Mohamed Nabil Benabdellah, secrétaire général du Parti du progrès et du socialisme (PPS), a fustigé la démarche entreprise par l’Exécutif pour gérer la crise qui sévit au Conseil national de la presse, bloquant le processus du renouvellement de ses instances, comme l’exige la loi. Le texte élaboré par le ministère de Jeunesse, de la culture et de la communication, se veut comme un cadre normatif de ladite commission, après que la prorogation du CNP pour six mois « n’a pas permis la tenue d’élections professionnelles ». Pour N. Benabdellah, la démarche de l’exécutif est taxée de « véritable catastrophe ».
« Après avoir entrepris la prorogation exceptionnelle du mandat du CNP pour une durée de six mois, par décret-loi, voilà que le gouvernement s’empresse sur la nécessité d’organiser des élections et déclare l’état d’exception de long-terme, dans un sens difficilement compréhensible en dehors d’une volonté de certains milieux médiatiques », a fustigé le leader du PPS qui, par ailleurs, alerte sur « une mesure dangereuse impliquant un favoritisme flagrant ».

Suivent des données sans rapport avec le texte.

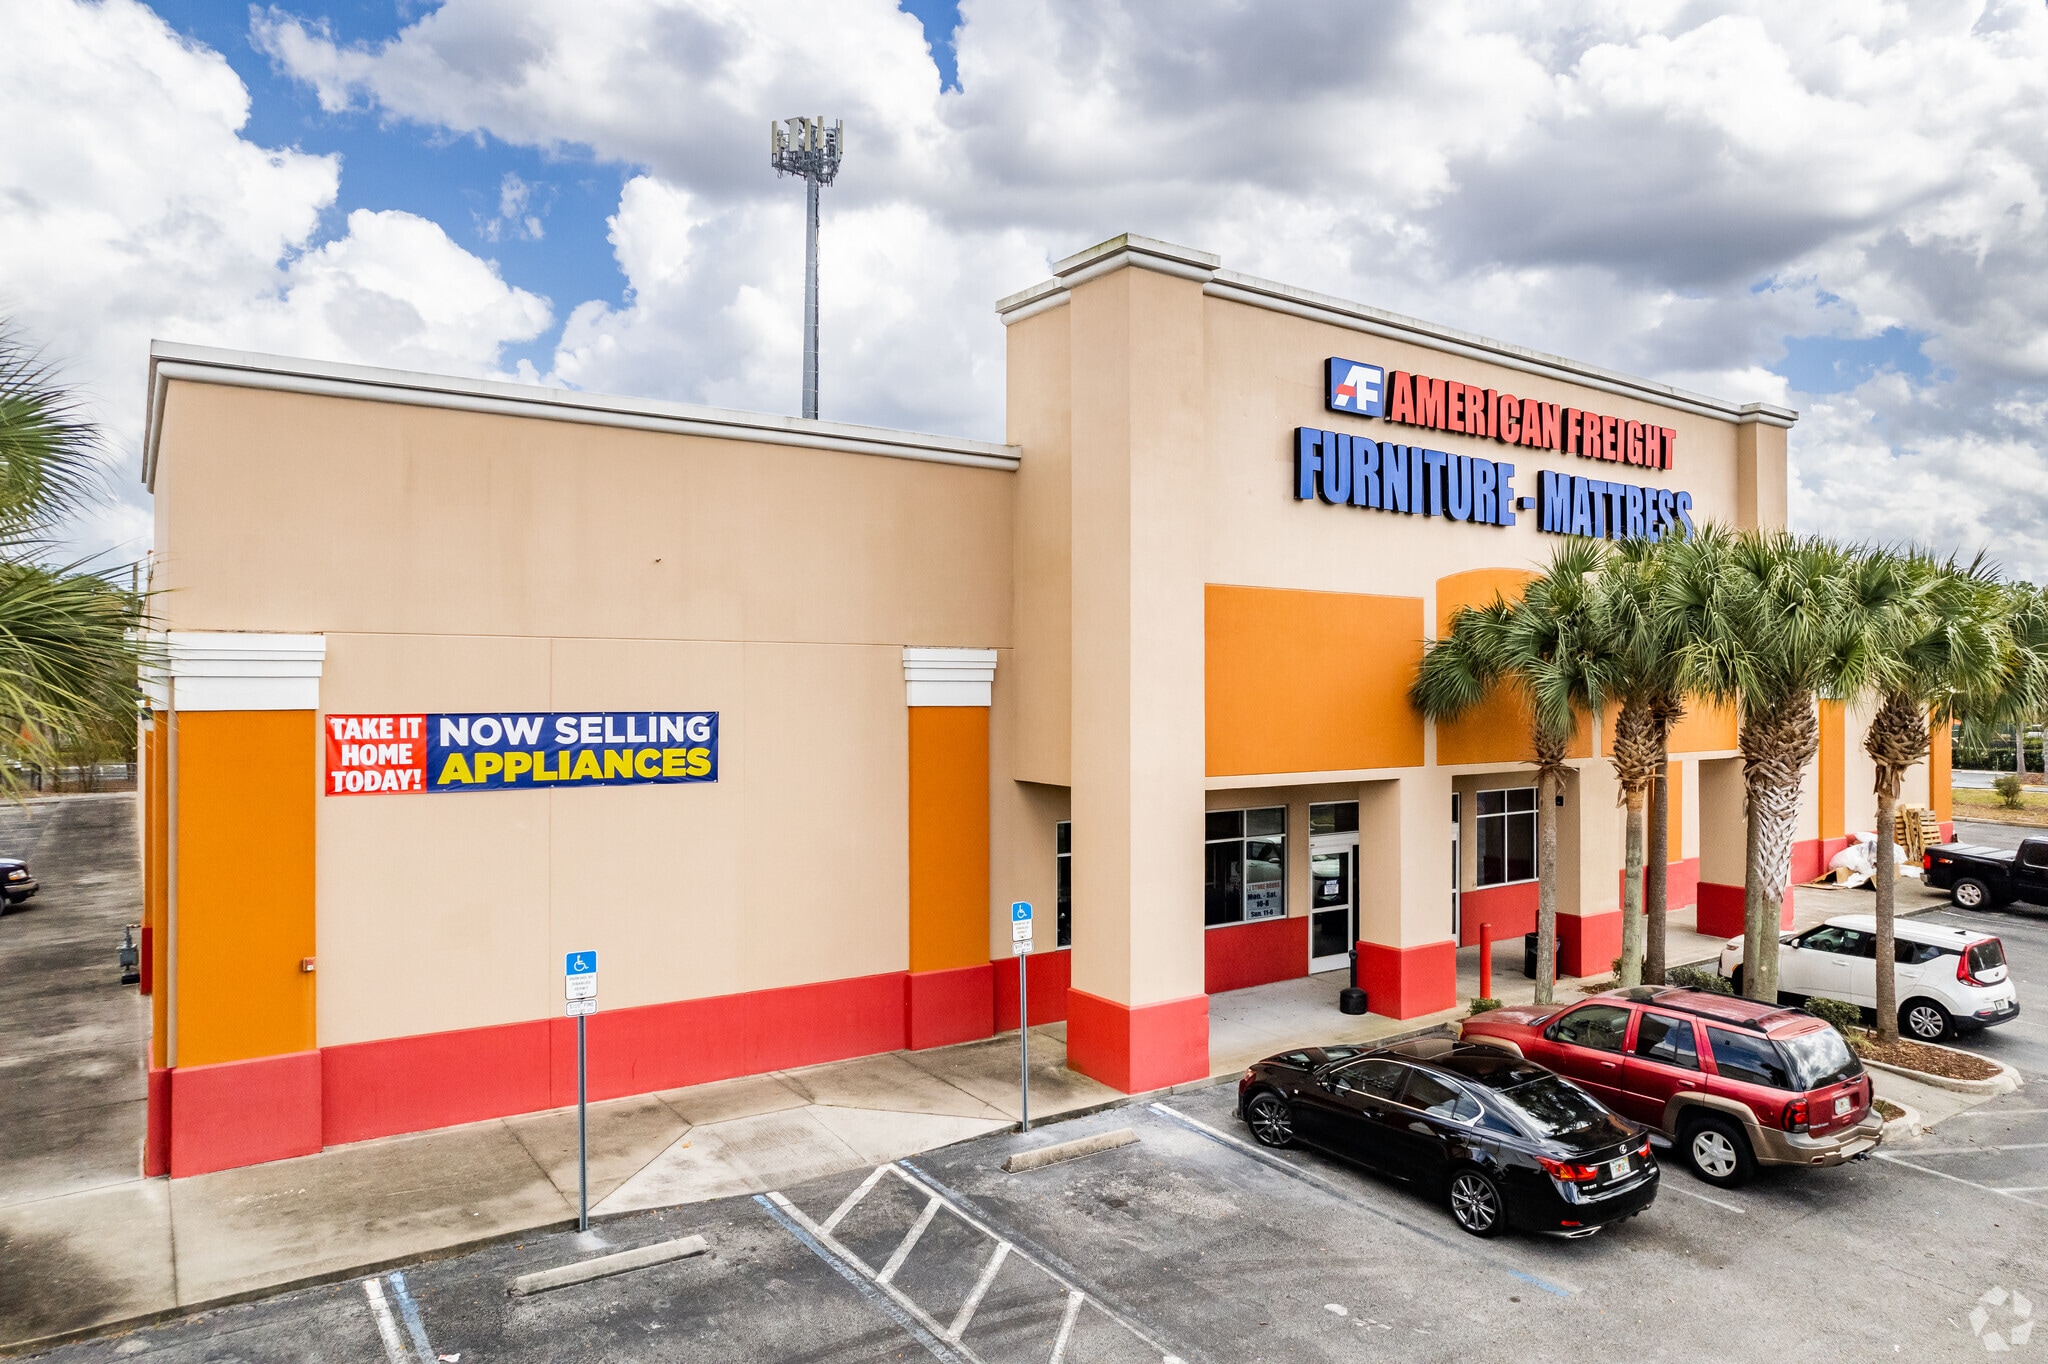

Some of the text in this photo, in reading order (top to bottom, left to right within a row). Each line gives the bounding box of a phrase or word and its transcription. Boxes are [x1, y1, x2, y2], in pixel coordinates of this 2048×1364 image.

[1333, 364, 1381, 412] AF
[1388, 370, 1677, 471] AMERICAN FREIGHT
[1295, 426, 1516, 527] FURNITURE
[1538, 469, 1694, 545] MATTRESS
[330, 717, 422, 740] TAKE IT
[439, 715, 711, 747] NOW SELLING
[341, 743, 413, 767] HOME
[436, 747, 712, 785] APPLIANCES
[331, 768, 422, 793] TODAY!
[1247, 893, 1262, 901] Mon.
[1266, 891, 1278, 899] Sat.

« La sagesse dans la mise en place du CNP s’incarne dans le souci de l’éthique de la profession et établir les règles de son autorégulation et de son indépendance, ce secteur étant vital pour l’espace démocratique. Aujourd’hui, le gouvernement fait une déviation sans précédent du CNP de ses nobles objectifs et de ses missions initiales », a jugé N. Benabdellah. Dans son plaidoyer, il a appelé instamment l’exécutif à « revenir sur cette démarche de mauvais augure, qui nuit à la voie du progrès que notre pays a empruntée dans le domaine des médias en particulier, et dans la construction démocratique en général ». Et d’ajouter qu’au lieu de ce projet de loi, l’exécutif « doit respecter les fondements juridiques constitutifs du CNP et accélérer la mise en place des conditions de régulation de la profession pour des élections libres, dans le respect des règles démocratiques et d’intégrité, de transparence et de concurrence loyale, préservant le droit des journalistes de choisir leurs représentants ».
L’annonce de l’approbation du projet de loi, jeudi en conseil de gouvernement, a provoqué l’ire d’autres formations politiques, dont le Parti socialiste unifié (PSU). Ce dernier constate, dans un communiqué, « une tendance à détourner l’attention des questions médiatiques prioritaires vers des celles d’ordre technique et administratif, servant d’arbre qui cache la forêt », au lieu d’« investir dans le débat national sur les obstacles structurels que connaissent les médias au Maroc, afin de sortir avec des mesures stratégiques à la hauteur des défis auxquels le pays est confronté dans ce domaine ».
Selon le PSU, « la nécessité, aujourd’hui, est de proposer la révision des lois sur les médias, dont le Code de la presse et de l’édition, les lois relatives à la communication audiovisuelle, celle de la HACA, avec des mécanismes à durée déterminée et des tâches clairement déclarées, notamment dans la gestion du CNP, de façon à garantir la pluralité ». Le parti insiste, par ailleurs, sur l’impartialité requise de ceux qui supervisent le processus des élections professionnelles, pour un scrutin « démocratique, équitable et transparent ».
Le Parti de la justice et du développement (PJD) a qualifié la démarche du gouvernement d’« échec dans la mise en place entière des mécanismes d’autorégulation du secteur de la presse à travers le CNP » et « une incapacité à faire que le CNP puisse tenir des élections professionnelles ». « La création d’une commission temporaire déclare ouvertement une période d’exception dans le secteur et nuit à l’image du Maroc ainsi qu’à ses progrès en termes de liberté de la presse », fustige un communiqué signé par Abdelilah Benkirane, secrétaire général, de la formation islamiste.
Plus, le même parti souligne que les prérogatives accordées à la nouvelle instance « outrepassent celles prévues constitutionnellement pour l’autorégulation du corps de métier » et que la loi 15.23 « met en place un cadre sur mesure ». Dans ce sens, le parti a également appelé le gouvernement à revenir sur sa décision et à se tenir « à la loi actuelle » portant création du CNP « et prévoyant que la commission en charge de la tenue des élections soit supervisée par un juge ».
Plusieurs organisations professionnelles avaient déjà crié au scandale, dont la Fédération marocaine des éditeurs de journaux (FMEJ), la Fédération nationale des médias, de la presse et de la communication (UMT), ou encore le Club de la presse au Maroc.